Does it affect vividness or ability to have  a lucid dream?

I hear that masturbation drains acetylcholine and seratonin from your brain, and that you need both for dreams.

----------


## RooJ

This topic crops up alot, here be some links to reading materials, hope they help  :smiley: 

_Masturbation?_ 
http://www.dreamviews.com/community/...d.php?t=36854&

*Masturbation/Sex: Effects on Recall, Vividity & Lucidity* 
http://www.dreamviews.com/community/...d.php?t=23254&

*Masturbation Does Work!* 
http://www.dreamviews.com/community/...d.php?t=31748&

*Masturbation* 
http://www.dreamviews.com/community/...d.php?t=30596&

Maybe we should sticky a masturbation thread (no pun intended)

----------


## LucidInCuB!zt

hahaha!!! lol its funny how u say it lol

----------


## TheUniversalOne

Masturbation decreases your energy level and I think a relatively high energy level will increase ability to LD (think those that are well rested usually have a better shot at LDing and remembering their dreams than those who are sleep deprived). I worked with energy raising for a while and noticed an increase in my number of LD's so I'm sure energy does affect your ability to LD. I don't think it'll mess up your chances completely, probably just make the chances lower.
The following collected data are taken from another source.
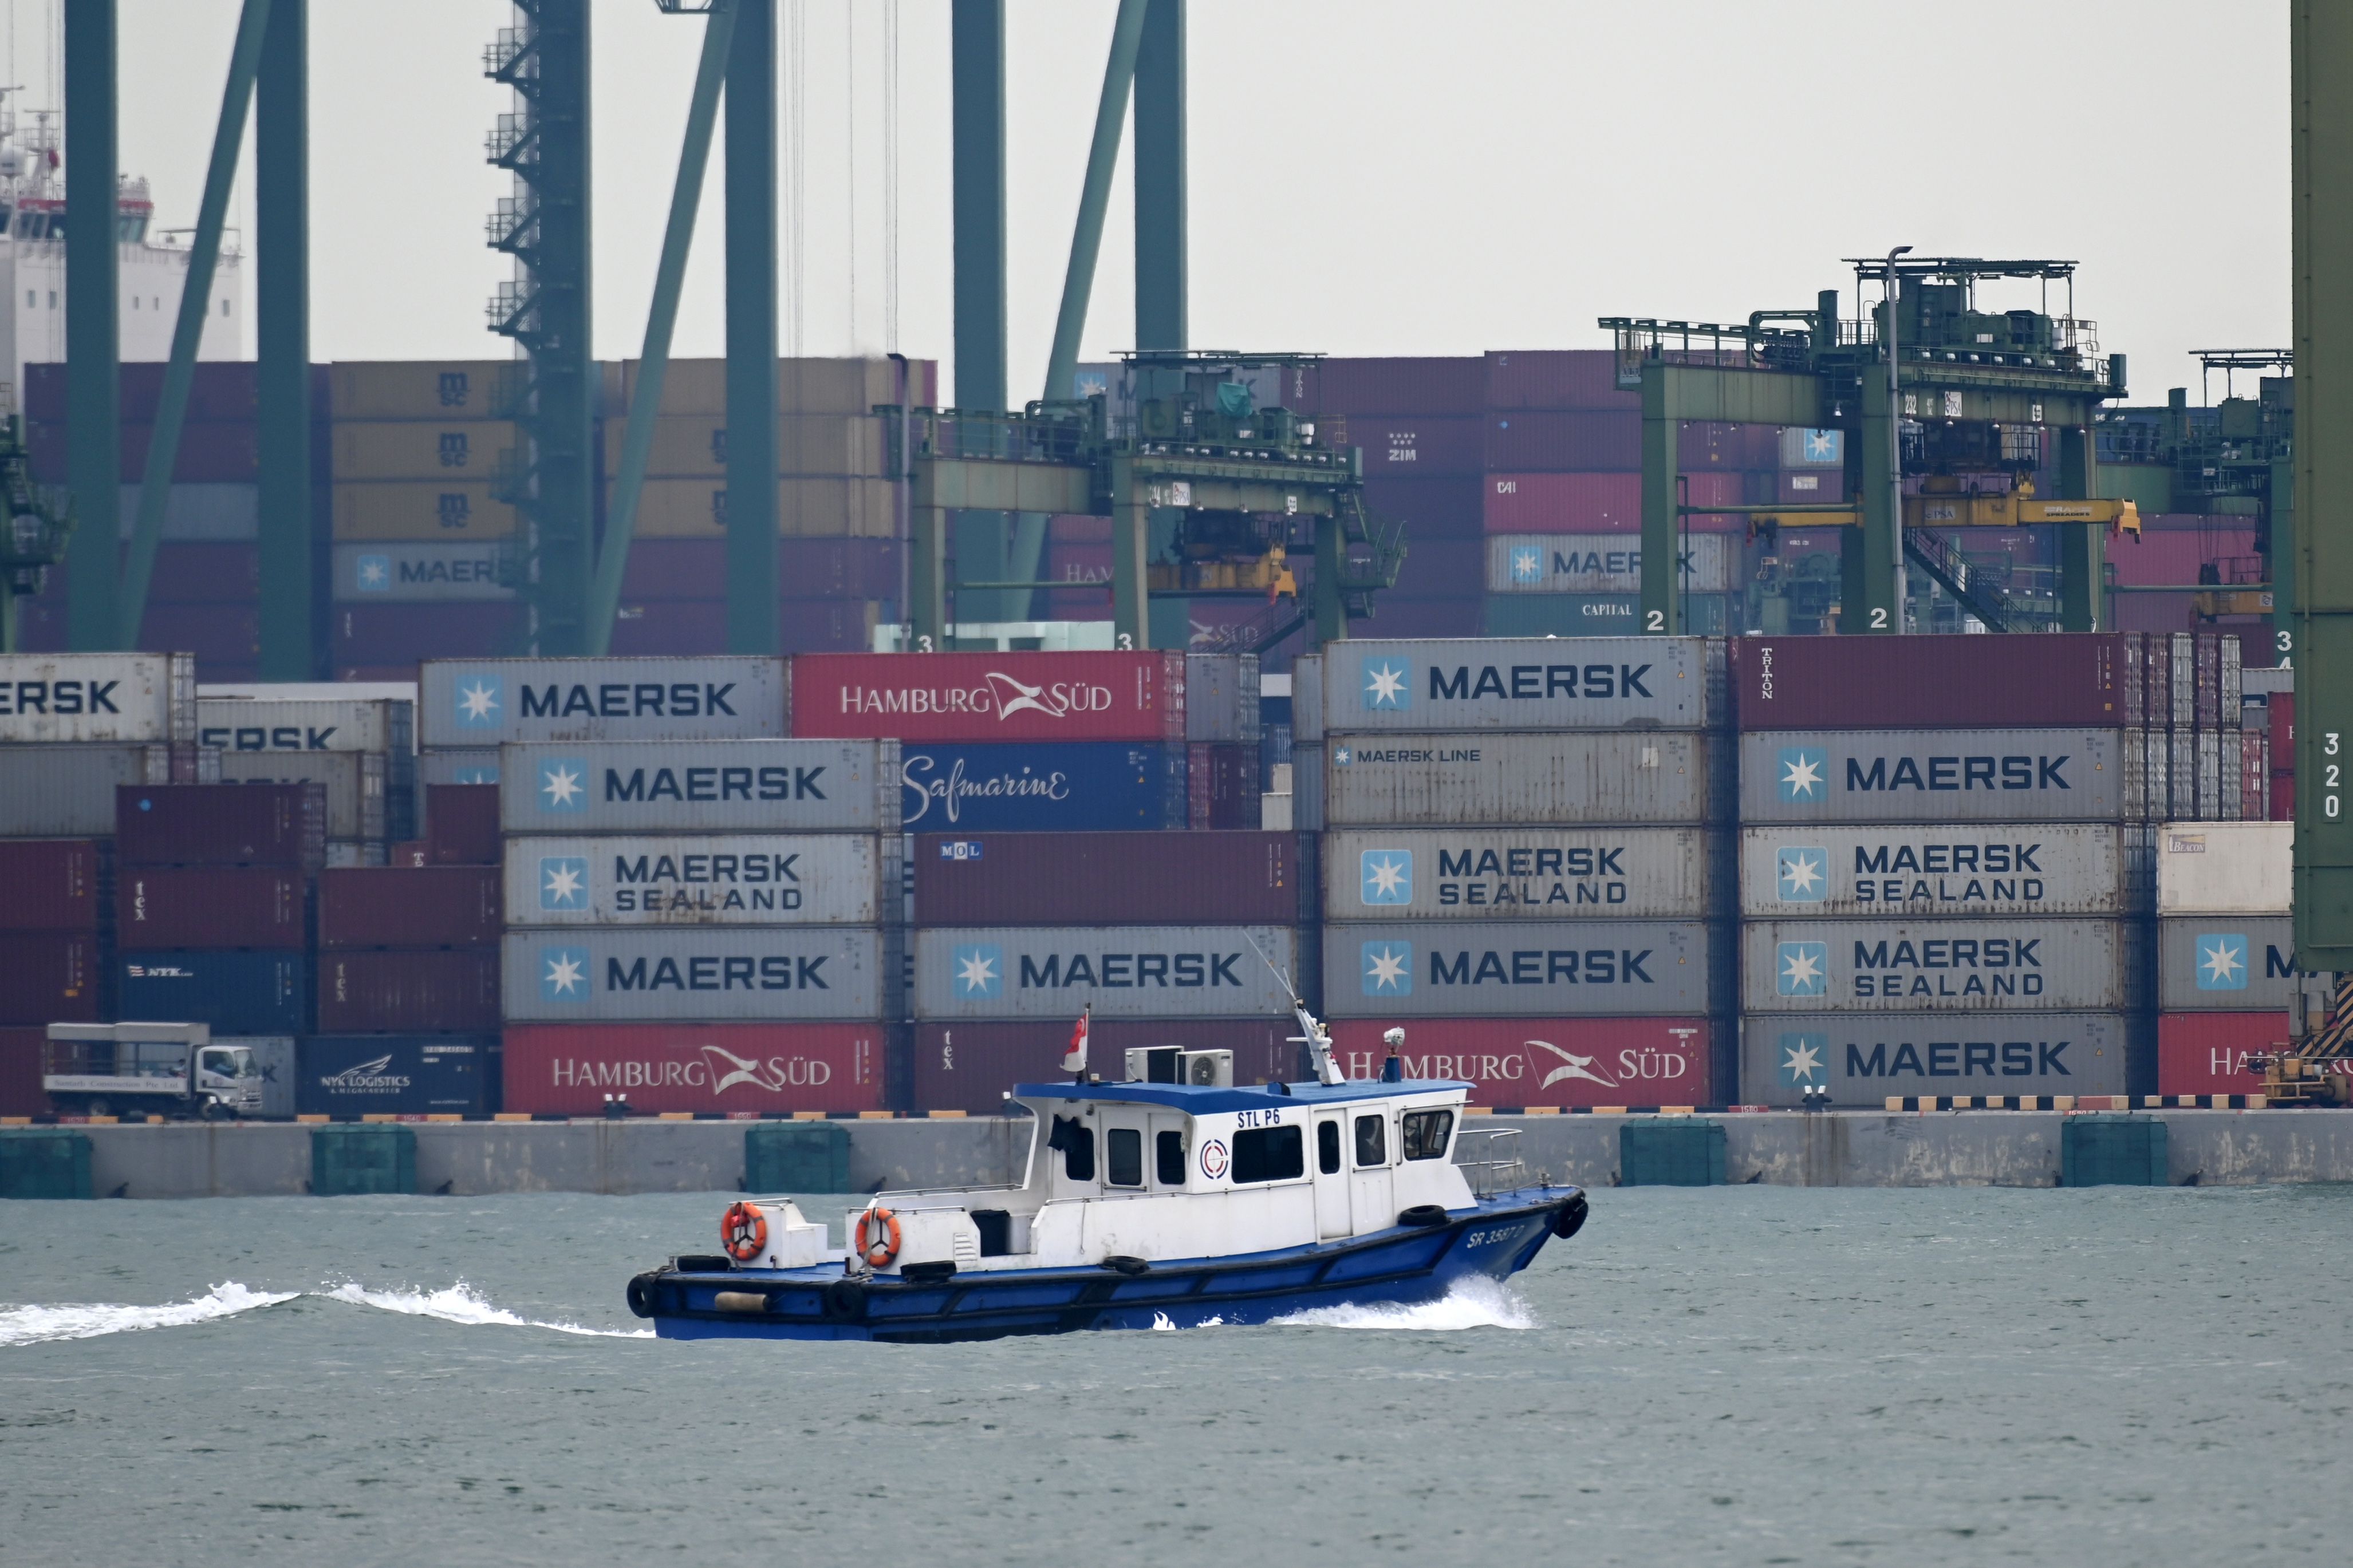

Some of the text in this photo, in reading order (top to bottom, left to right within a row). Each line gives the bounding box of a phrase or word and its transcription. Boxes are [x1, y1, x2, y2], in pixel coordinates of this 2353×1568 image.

[1906, 394, 1917, 414] 232
[1951, 401, 1962, 414] PSA
[1389, 449, 1416, 461] ZIM
[1934, 510, 1954, 519] PSA
[399, 560, 495, 583] MAER
[1554, 551, 1697, 573] MAERK
[1582, 605, 1632, 616] CAPITAL
[1647, 610, 1664, 631] 2
[1870, 608, 1887, 629] 2
[919, 635, 933, 653] 3
[1118, 633, 1132, 651] 3
[1430, 664, 1654, 700] MAERSK
[1761, 647, 1773, 699] TRITON
[521, 683, 738, 717] MAERSK
[842, 685, 990, 714] HAMBURG
[1051, 682, 1112, 712] SÜD
[1358, 749, 1481, 763] MAERSK LINE
[605, 766, 827, 801] MAERSK
[1847, 756, 2072, 791] MAERSK
[902, 756, 1069, 823] Safmarine
[941, 844, 980, 856] MOL
[1855, 844, 2042, 873] MAERSK
[2174, 842, 2205, 852] BEACON
[616, 854, 801, 883] MAERSK
[1439, 847, 1626, 876] MAERSK
[135, 880, 146, 921] tex
[616, 888, 802, 912] SEALAND
[1440, 882, 1627, 905] SEALAND
[1855, 879, 2044, 901] SEALAND
[1854, 939, 2041, 969] MAERSK
[148, 967, 182, 977] NYK
[608, 956, 830, 991] MAERSK
[1020, 953, 1243, 988] MAERSK
[1430, 949, 1654, 985] MAERSK
[1855, 974, 2043, 997] SEALAND
[943, 1030, 953, 1071] tex
[1847, 1041, 2072, 1077] MAERSK
[554, 1056, 831, 1087] HAMBURG SÜD
[1347, 1048, 1686, 1080] HMBURG SÜD
[90, 1080, 141, 1088] Construction
[145, 1081, 159, 1089] Pte
[321, 1076, 411, 1087] NYK LOGISTICS
[1237, 1109, 1280, 1128] STL P6
[1467, 1232, 1485, 1249] SR
Perhaps raising energy after would reverse this. Just my thoughts...

 ::banana::

----------


## Spamtek

There are some pretty tried and true facts about ejaculation and hormone/neurotransmitter levels, although I doubt there's been any scientific study done specifically about dreams and wanking.  Masturbation (for men at least - I don't know _what_ is up with ladies) will demolish your testosterone levels, even at just a single pass, and will take upwards of an entire week before they reach their peak again.  Testosterone is definitely responsible for imparting energy, assertiveness, motivation and drive to a person, and frequent (several times a week or more) masturbation _I can only suspect_ has a negative impact on lucid dreaming which so often requires focus, drive, and enthusiasm to execute successfully.  When you wake up at 3:00 AM for your WBTB and you are acutely out of testosterone, you have very little hope of being able to rouse yourself.  Masturbation also temporarily depletes dopamine levels which are also involved in motivational behavior, and frequent masturbation also increases prolactin levels which, aside from being the main mechanism that antagonizes testosterone production to begin with, will probably give you manboobs.
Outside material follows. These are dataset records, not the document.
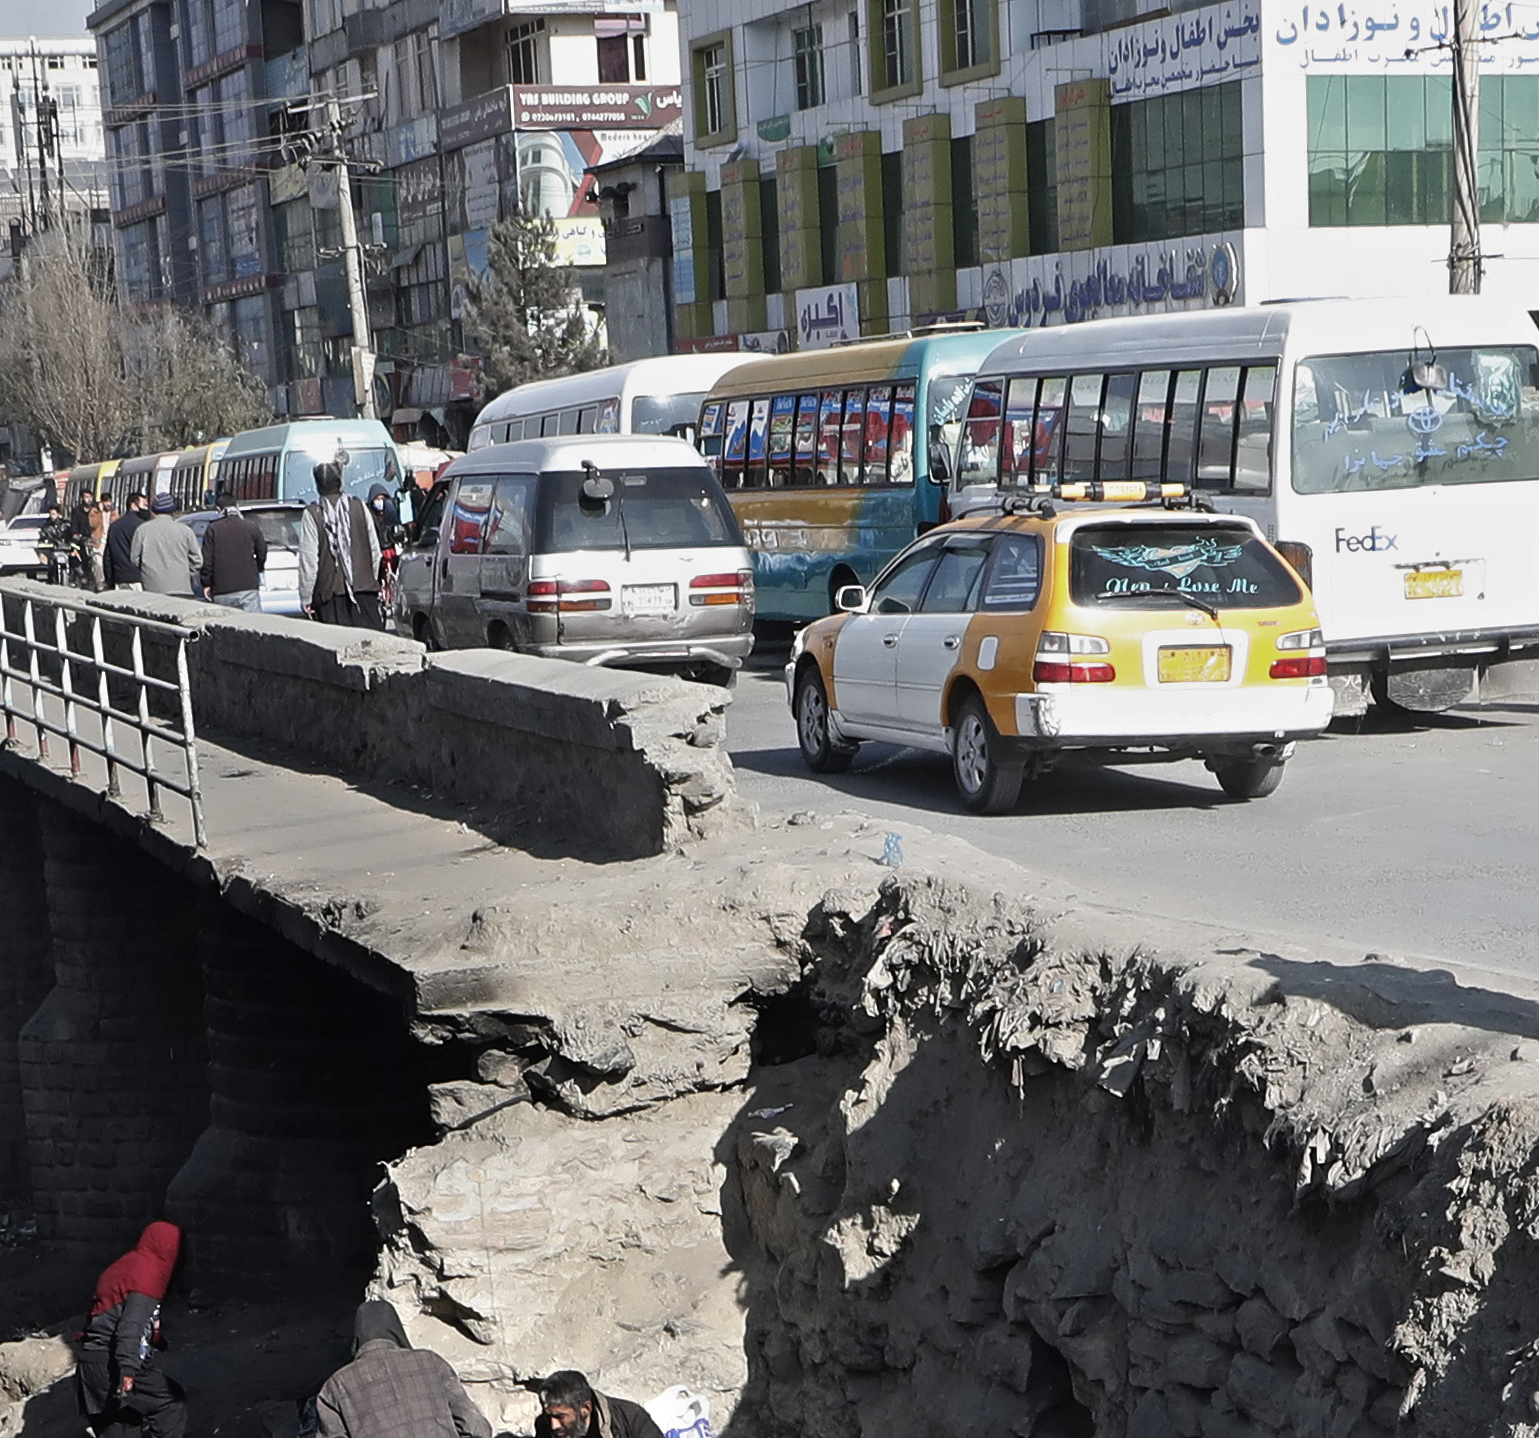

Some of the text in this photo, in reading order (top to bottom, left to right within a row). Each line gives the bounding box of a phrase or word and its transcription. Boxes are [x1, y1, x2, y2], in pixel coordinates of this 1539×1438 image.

[1169, 15, 1212, 60] اطفال
[1217, 4, 1259, 51] بخش
[1276, 2, 1399, 45] نوزادان
[1409, 16, 1420, 41] و
[1430, 2, 1512, 45] اطل
[520, 93, 629, 105] YAS BUILDING GROUP
[1009, 260, 1064, 327] فردوس
[1335, 525, 1399, 553] FedEx
[1176, 577, 1221, 593] Lose
[1227, 578, 1259, 594] Me
Not that manboobs strictly correlate negatively with LDs, but hell if I want them on _my_ body.

----------


## Astral__Explorer

For me it does. I will have very short dreams and my recall isn't as good because I'm now seeing 10-20 quick dreams.

When I haven't jerked in maybe 1-2 days then I start to notice I'm recalling 1-2 long dreams. If it's a week it tends to be many long dreams and some rather unique dreams too.

----------


## zobey

I aint touchin' this one. (no pun)

----------


## EVIL JOE

Damn it! Now I'm tempted to stop slapping the meat walrus for like a week to see if I get any progress. Alright. That's it. I'm on a masturbation diet for a week to see how it affects my dreams. Wish me luck.

----------


## Mega93

Now this'll be a hard one  :tongue2: 
I managed to stay 10 days, and a difference indeed. They say that the one who really wants lucid dreams should stay 15 days without wanking.

----------


## Jdeadevil

> does excessive masturbation affect ones ability to dream  positively or negatively, especially before you go to sleep?
> 
> Does it affect vividness or ability to have  a lucid dream?
> 
> I hear that masturbation drains acetylcholine and seratonin from your brain, and that you need both for dreams.




So *that's* why I have no recall!

----------


## Nefarious

Ill tell you guys a secret masturbation before sleeping makes lucid sex last much longer cause you dont get too exited  ::D:  It also doesnt affect my dream recall and lucidity at least I dont feel like it does.

----------


## Spamtek

> makes lucid sex last much longer cause you dont get too exited



If it's not exciting then why do it?

----------


## Nefarious

> If it's not exciting then why do it?



Belive it or not its still fun you just dont finish but you still feel great. If you would get exited you would wake up and that is not fun  :Sad: 

note that I said: you dont get TOO exited  :smiley:

----------


## sloth

To choose between lucid dreaming and masturbation...
What a terrible world.

----------


## Snooze

I wouldn't know, i dont think i had a non  postmasturbation dream yet  ::D:

----------


## Silvanus350

This topic is _hilarious_.  ::chuckle:: 

That being said, it probably kills all hopes of a WBTB, but I doubt it would ruin your attempts altogether.  Then again, it really raises a question of _frequency_...

----------


## The Cusp

I've done extensive research on the subject, and have to conclude it doesn't have much effect on dreams at all.

----------


## Awhislyle

I personally have more DILDs if I don't masturbate for a few days

----------


## Zotoaster

> They say that the one who really wants lucid dreams should stay 15 days without wanking.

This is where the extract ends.